Und dann trafen wir einmal noch vor der Sáros-Straße auf ihre Mutter. Genauer gesagt trafen wir nicht auf sie, sie wartete vielmehr im Brotgeschäft auf uns. Sie behielt die Straße vom Fenster aus im Blick, und als wir vor dem Geschäft ankamen, trat sie vor uns heraus. Und Katinka blieb wie gelähmt stehen. Sie stand neben mir und konnte sich nicht rühren, konnte ihre Mutter nicht einmal grüßen. Ich grüßte, aber die Frau nahm mir nur die Tasche aus der Hand. Und dann fragte sie Katinka, ob man ihr das beigebracht habe. Worauf Katinka nicht antworten konnte, sie schüttelte nur den Kopf. Dann fragte die Frau mich, ob mir meine Mutter keinen Anstand beigebracht habe. Worauf ich sagte, doch, das hat sie, deswegen helfe ich ja Ihrer Tochter die Tasche zu tragen. Woraufhin sie sagte, dann soll ich mich nach Hause scheren, wenn Anstand bei euch so aussieht, dann wollen wir nichts davon haben. Nicht wahr, sagte sie zu ihrer Tochter. Woraufhin Katinka erneut den Kopf schüttelte. Woraufhin die Frau sie fragte, willst du, dass ich es deinem Vater erzähle?? Soll ich ihm erzählen, dass du dich mit Jungs herumtreibst?? Und da fing Katinka zu schluchzen an, erzählen Sie es nicht, liebe Mutter, verzeihen Sie mir, liebe Mutter, bestrafen Sie mich bitte, liebe Mutter. Woraufhin ich fragte, was Katinka eigentlich Schlimmes getan habe.

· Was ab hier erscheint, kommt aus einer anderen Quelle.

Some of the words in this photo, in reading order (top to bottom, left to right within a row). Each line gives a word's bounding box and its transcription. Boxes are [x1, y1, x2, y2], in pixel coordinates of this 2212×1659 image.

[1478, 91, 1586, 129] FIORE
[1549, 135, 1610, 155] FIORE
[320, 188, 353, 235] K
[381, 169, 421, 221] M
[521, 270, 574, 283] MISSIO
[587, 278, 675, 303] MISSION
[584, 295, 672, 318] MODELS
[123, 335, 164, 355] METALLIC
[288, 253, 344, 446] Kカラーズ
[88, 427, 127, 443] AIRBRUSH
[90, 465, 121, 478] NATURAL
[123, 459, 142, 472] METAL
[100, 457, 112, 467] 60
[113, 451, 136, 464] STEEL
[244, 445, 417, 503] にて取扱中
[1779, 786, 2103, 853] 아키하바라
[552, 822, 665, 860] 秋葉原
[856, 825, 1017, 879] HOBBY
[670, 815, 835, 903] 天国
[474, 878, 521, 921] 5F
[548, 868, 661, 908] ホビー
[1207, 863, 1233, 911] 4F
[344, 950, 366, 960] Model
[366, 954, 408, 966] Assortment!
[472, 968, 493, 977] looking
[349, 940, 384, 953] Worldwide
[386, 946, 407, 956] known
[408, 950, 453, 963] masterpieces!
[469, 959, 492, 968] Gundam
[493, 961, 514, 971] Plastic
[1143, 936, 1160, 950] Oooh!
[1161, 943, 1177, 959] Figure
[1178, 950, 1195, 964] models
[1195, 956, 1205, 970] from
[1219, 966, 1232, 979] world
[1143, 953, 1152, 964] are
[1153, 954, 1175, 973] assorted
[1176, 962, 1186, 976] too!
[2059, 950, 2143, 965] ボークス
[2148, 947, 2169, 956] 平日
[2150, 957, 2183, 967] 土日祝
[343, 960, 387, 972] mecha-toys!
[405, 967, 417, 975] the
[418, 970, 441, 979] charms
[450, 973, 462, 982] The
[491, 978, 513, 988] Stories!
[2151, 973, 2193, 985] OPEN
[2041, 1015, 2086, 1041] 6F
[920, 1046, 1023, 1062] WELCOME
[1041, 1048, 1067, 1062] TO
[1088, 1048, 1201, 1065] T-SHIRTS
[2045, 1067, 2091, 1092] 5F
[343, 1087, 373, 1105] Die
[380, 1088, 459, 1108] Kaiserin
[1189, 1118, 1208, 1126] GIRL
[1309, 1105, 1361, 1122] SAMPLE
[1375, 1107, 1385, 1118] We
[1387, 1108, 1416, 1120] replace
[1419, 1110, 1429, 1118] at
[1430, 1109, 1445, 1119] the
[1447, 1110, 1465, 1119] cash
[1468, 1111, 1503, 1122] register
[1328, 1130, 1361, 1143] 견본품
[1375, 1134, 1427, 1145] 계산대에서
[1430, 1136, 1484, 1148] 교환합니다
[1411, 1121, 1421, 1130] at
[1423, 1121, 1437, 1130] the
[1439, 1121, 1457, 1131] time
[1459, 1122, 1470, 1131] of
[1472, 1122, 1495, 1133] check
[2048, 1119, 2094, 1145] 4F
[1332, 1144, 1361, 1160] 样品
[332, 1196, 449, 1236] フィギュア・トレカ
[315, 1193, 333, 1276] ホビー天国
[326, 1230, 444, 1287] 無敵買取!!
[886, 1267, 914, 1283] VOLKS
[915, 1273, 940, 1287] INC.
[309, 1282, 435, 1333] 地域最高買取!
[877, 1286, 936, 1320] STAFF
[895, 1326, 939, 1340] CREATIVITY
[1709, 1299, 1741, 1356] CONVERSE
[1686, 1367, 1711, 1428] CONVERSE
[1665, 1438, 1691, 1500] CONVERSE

Und da geschah etwas, woran ich nicht einmal in meinen schlimmsten Träumen gedacht hätte. Die Frau sah mich an, lange. Es war weder Wut noch Rache, noch Wahnsinn in ihrem Blick. Im Grunde war es diese Leere, die so furchteinflößend war. Und dann schlug sie mit einer plötzlichen Bewegung ihre Tochter ins Gesicht, dass dieser das Blut aus der Nase spritzte.

Willst du, dass sie noch so eine bekommt??

Das will ich nicht, sagte ich.

Dann wage es nicht, noch einmal in die Nähe meiner Tochter zu kommen. Und jetzt mach, dass du weg kommst.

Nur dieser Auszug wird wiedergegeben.